Referring expression grounding data
::::::::::
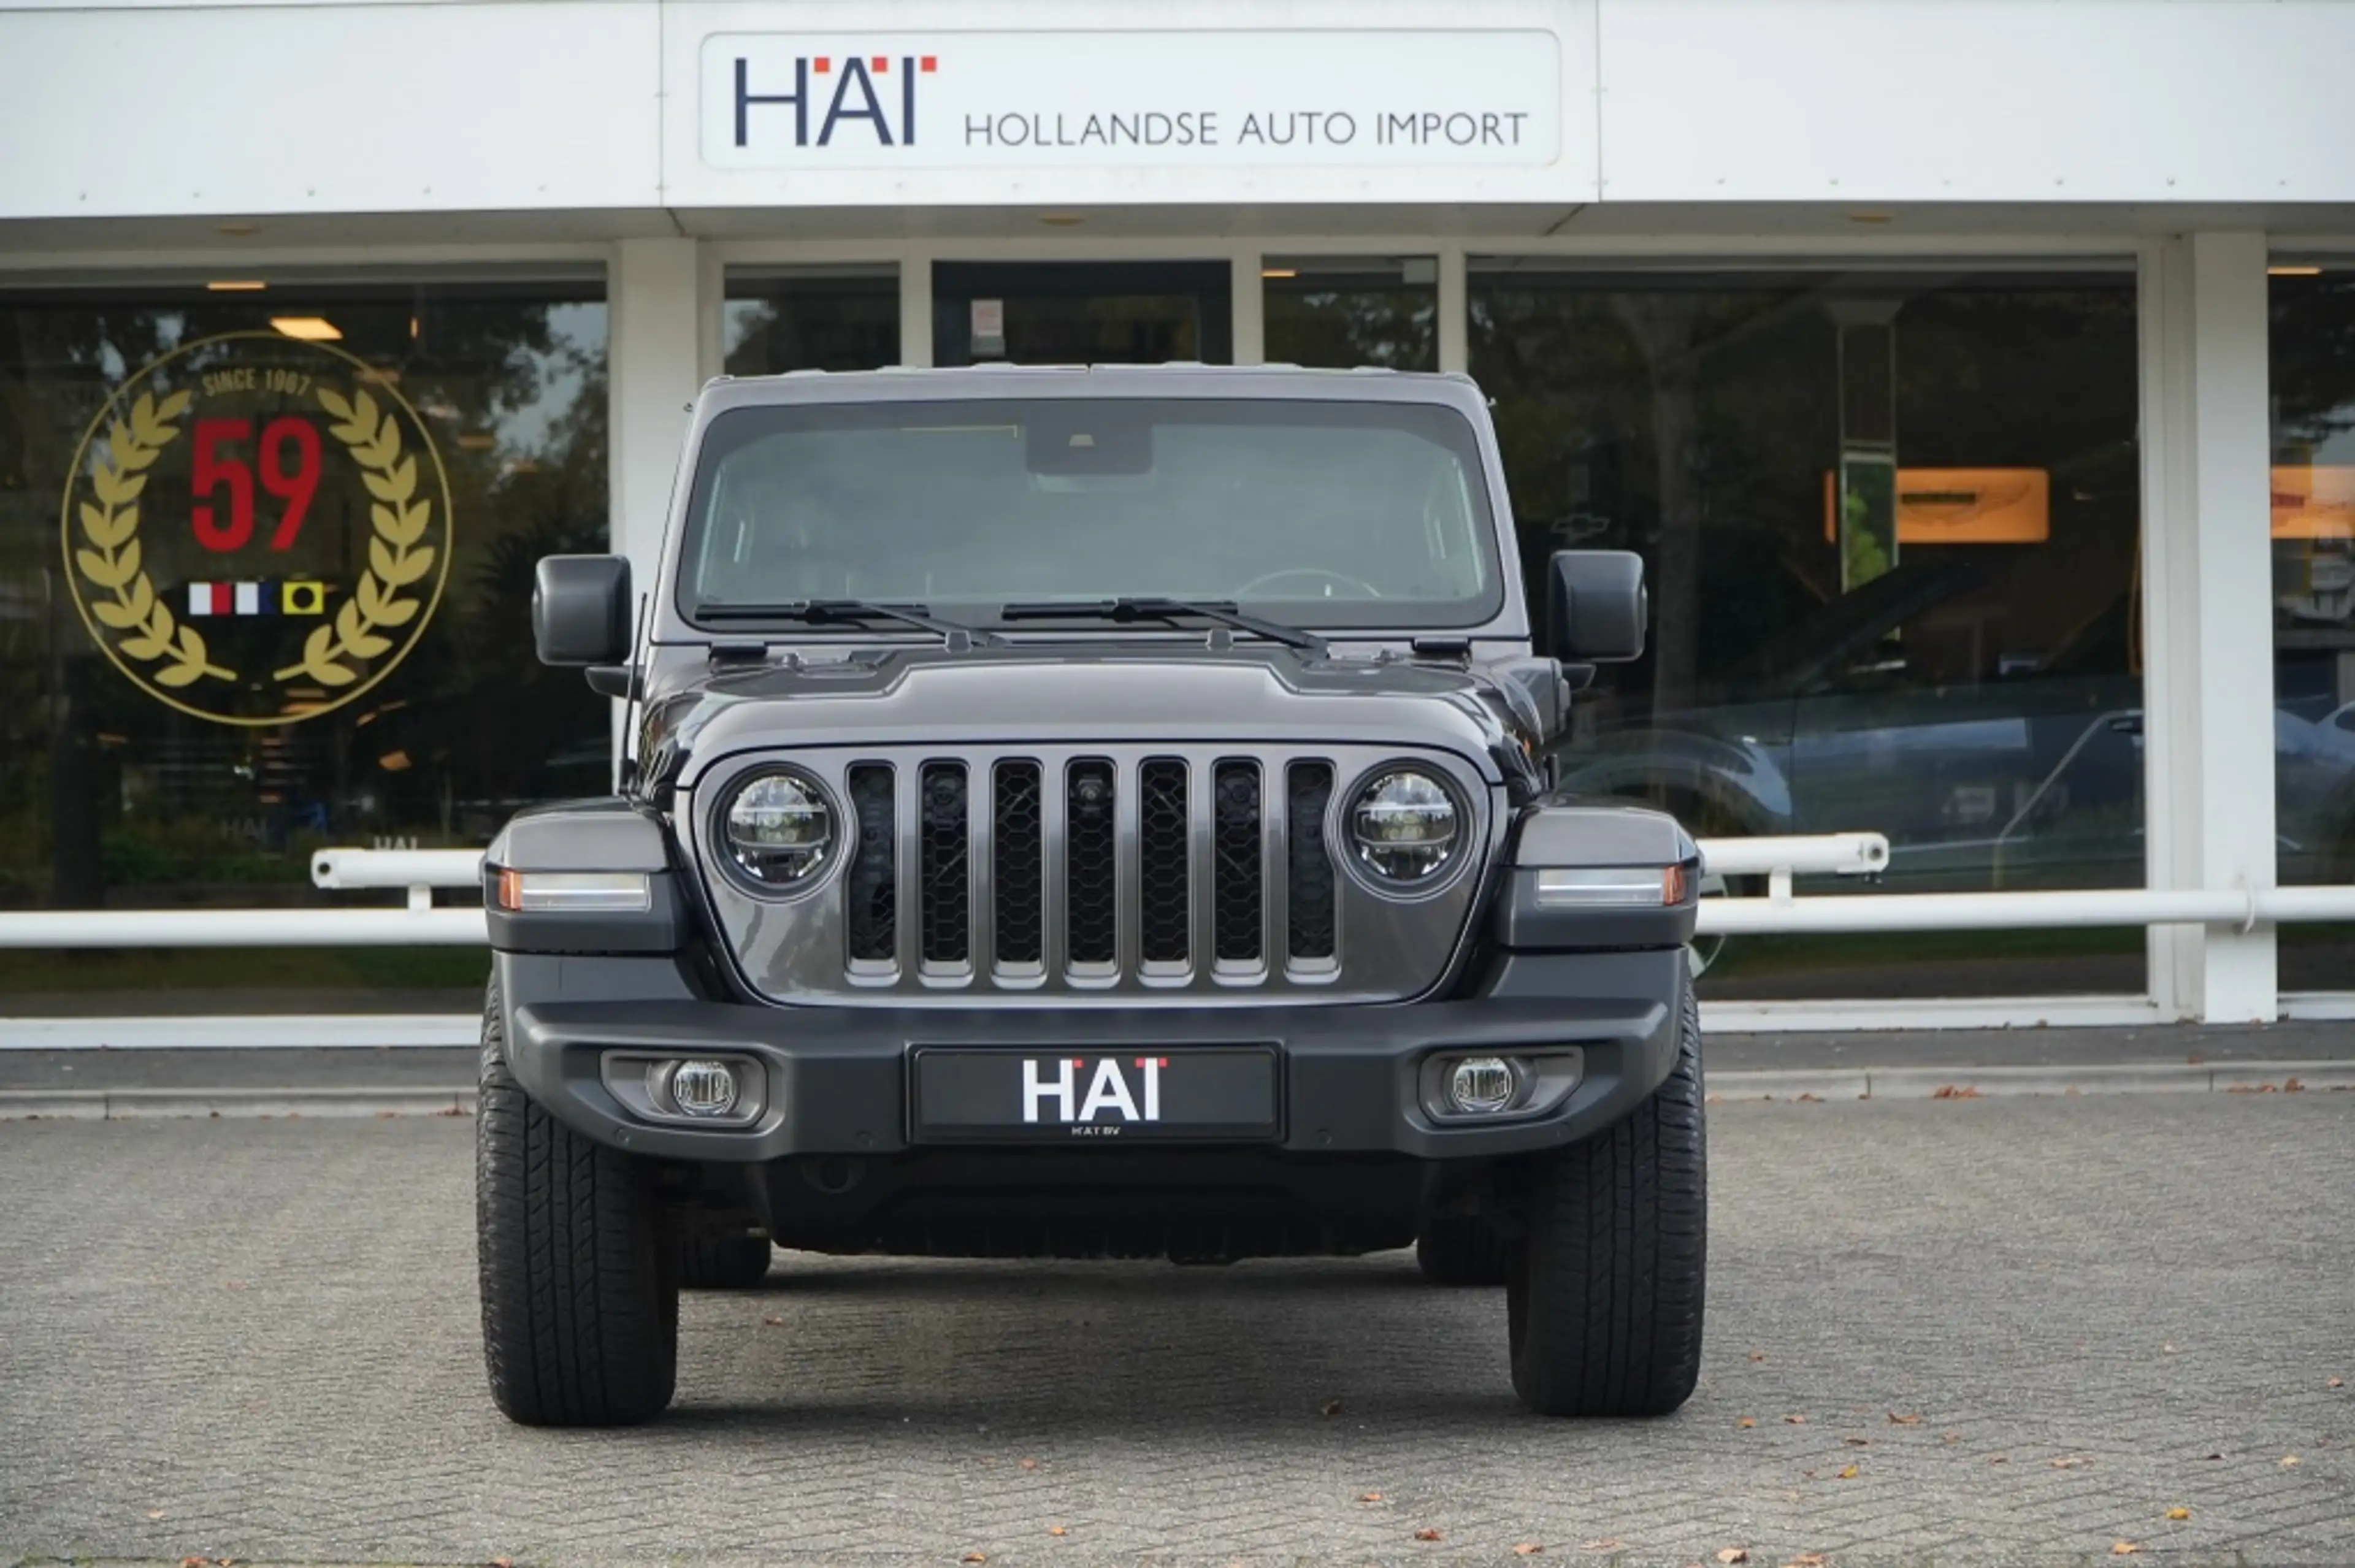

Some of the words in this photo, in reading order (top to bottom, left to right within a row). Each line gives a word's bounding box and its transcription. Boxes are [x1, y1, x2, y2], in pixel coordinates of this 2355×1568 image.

[965, 112, 1217, 146] HOLLANDSE
[1238, 112, 1356, 145] AUTO
[1376, 112, 1529, 145] IMPORT
[202, 369, 256, 397] SINCE
[191, 417, 322, 554] 59
::::::::::
Work item => Restate the data above word for word, so that the only difference is the missing pictures.

Answer =>
Some of the words in this photo, in reading order (top to bottom, left to right within a row). Each line gives a word's bounding box and its transcription. Boxes are [x1, y1, x2, y2], in pixel coordinates of this 2355×1568 image.

[965, 112, 1217, 146] HOLLANDSE
[1238, 112, 1356, 145] AUTO
[1376, 112, 1529, 145] IMPORT
[202, 369, 256, 397] SINCE
[191, 417, 322, 554] 59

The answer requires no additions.